Grandi superfici o piccoli specialisti: quale futuro per l’ottica?

Un anno fa uscì un report di Kpmg sul retail di domani. È fondamentale ripercorrerne oggi alcuni passaggi essenziali per capire se anche il nostro settore sta andando in quella direzione

Grazie all’accelerazione della tecnologia e della digitalizzazione, nell’ultimo biennio abbiamo fatto passi avanti per compiere i quali altrimenti avremmo impiegato dieci anni. Una fatica che probabilmente pagheremo nella ripartenza di questi giorni, dove tutto sembra uguale e paradossalmente dissimile. L’ottica non sarà estranea a tale rivoluzione, partita dalle difficoltà sul lavoro, dai rincari di luce e gas, dall’inflazione in crescita: pagherà la sua nuova tensione alla modernità, al fare come fanno gli altri senza sapere se è in grado di permetterselo o meno.

Il report di Kpmg sosteneva che “per garantire una crescita e un futuro al proprio marchio, i retailer sono chiamati a operare, nei prossimi mesi, diverse scelte che influenzeranno il loro successo nei prossimi cinque anni e che dovranno andare oltre l'ottimizzazione dei costi. Per prima cosa dovranno decidere se affidarsi a un ecosistema di piattaforme basato sulla logica omnicanale oppure diventare piccoli specialisti di una nicchia”. Possiamo considerare la maggioranza del retail dell’ottica, in particolare quello di superficie contenuta, piccoli specialisti di una nicchia? Possiamo credere che l’ottica di grandi superfici sia invece un ibridismo, ancora non bene definito, di una logica omnicanale, in particolare quella dei discount? Credo di sì. Ce lo confermava lo stesso report della società di consulenza per le imprese, sottolineando che “gli specialisti di categoria, che offrono prodotti e servizi mirati, saranno sempre più un punto di riferimento per i mercati di nicchia. I retailer che fondano il loro successo su una forte identità locale consolideranno la propria base di clienti con programmi di fidelizzazione ad hoc, riemergendo come attori vitali”.

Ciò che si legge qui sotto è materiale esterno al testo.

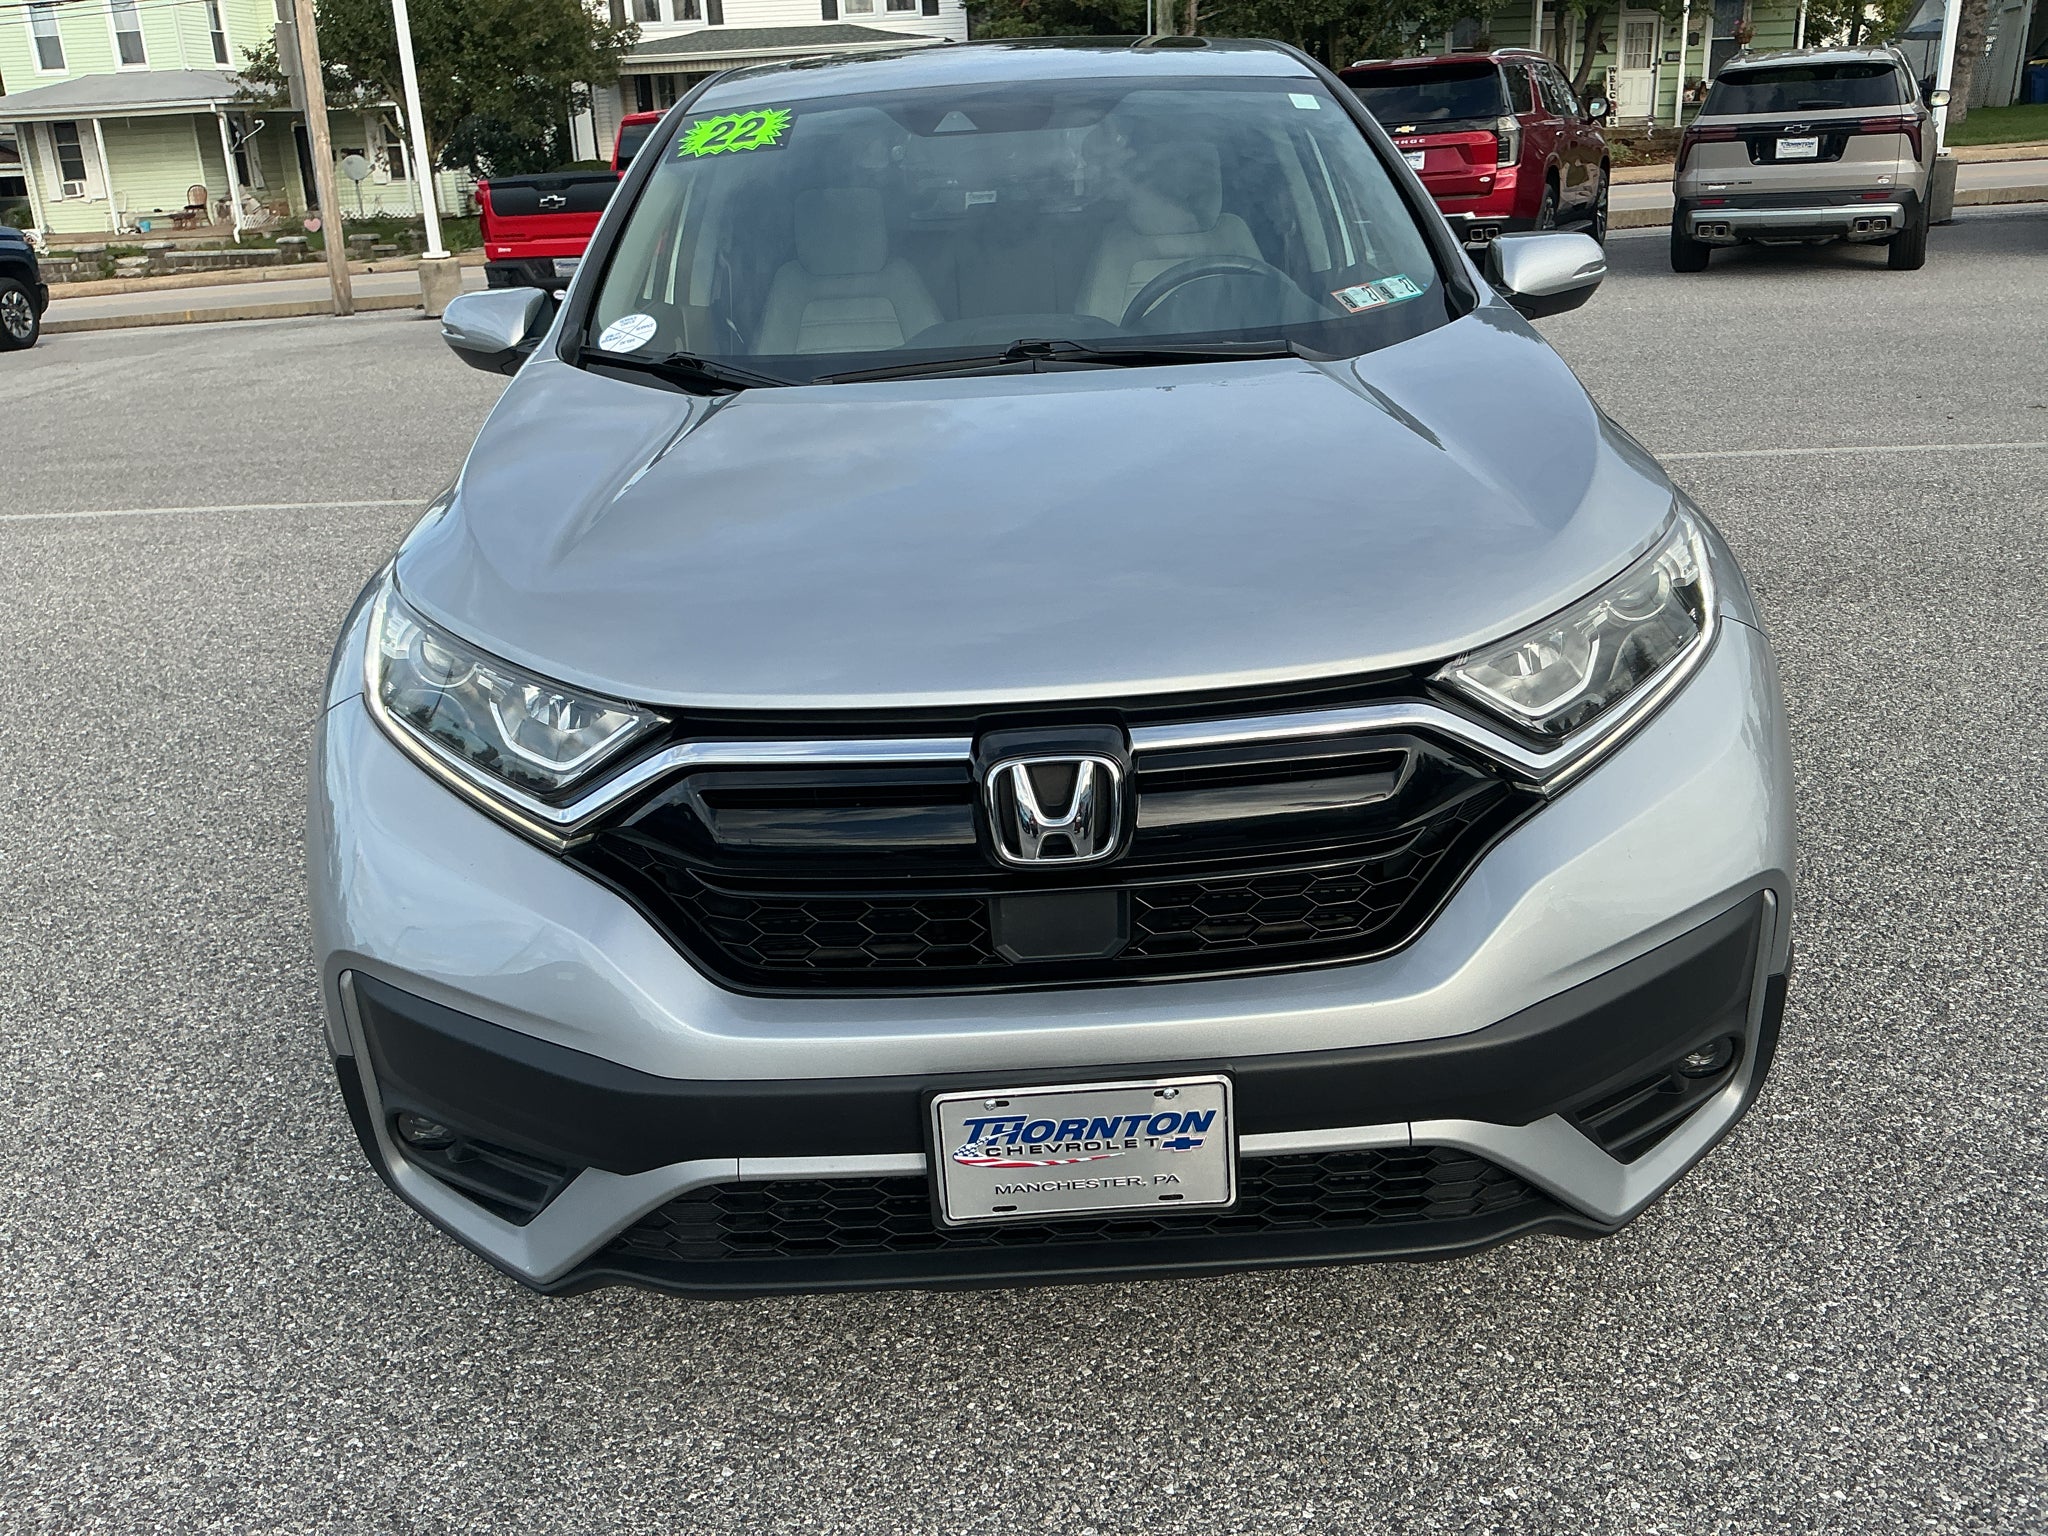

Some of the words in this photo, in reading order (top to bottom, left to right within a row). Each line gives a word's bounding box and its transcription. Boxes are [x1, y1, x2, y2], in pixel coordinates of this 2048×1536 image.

[700, 116, 767, 149] 22
[962, 1109, 1218, 1146] THORNTON
[985, 1137, 1160, 1157] CHEVROLET
[994, 1175, 1147, 1195] MANCHESTER,
[1154, 1173, 1180, 1185] PA

Che grande opportunità per chi ha radici da decenni, fondo di proprietà, gestione familiare rispetto alla catena che arriva come un ufo atterrando su superfici centrali, voluminose e costose, con personale che spesso non conosce il territorio e non sa per quanto tempo si tratterrà. Riusciranno le sinergie industriali ad appianare questi solchi che la pandemia ha inesorabilmente evidenziato? La strategia dei big player di assomigliare agli specialisti è arrivata al capolinea. Occorrono almeno due ali per stare in volo: realizzare veramente l’omnicanalità evolvendo la propria proposta di valore online per sopravvivere in modo redditizio in futuro e il cosiddetto purpose, ovvero perché lo faccio. Sempre Kpmg evidenziava che “chi offre un purpose chiaro, con un impatto significativo sulla vita delle persone, cresce 2,5 volte più velocemente dei marchi che invece si fondano su purpose meno incisivi”. Paradossalmente allo specialista questo riesce, in maniera spontanea. Con tutti i limiti del caso, ma ci riesce anche senza volerlo. Sono le sue radici e i suoi rami immensi che parlano per lui. Per il retail d’ali, di grandi superfici e di innovazioni il nuovo purpose dell’ottica non si è ancora visto. Pericoloso. Come diceva Seneca, “non esiste vento favorevole per il marinaio che non sa dove andare”.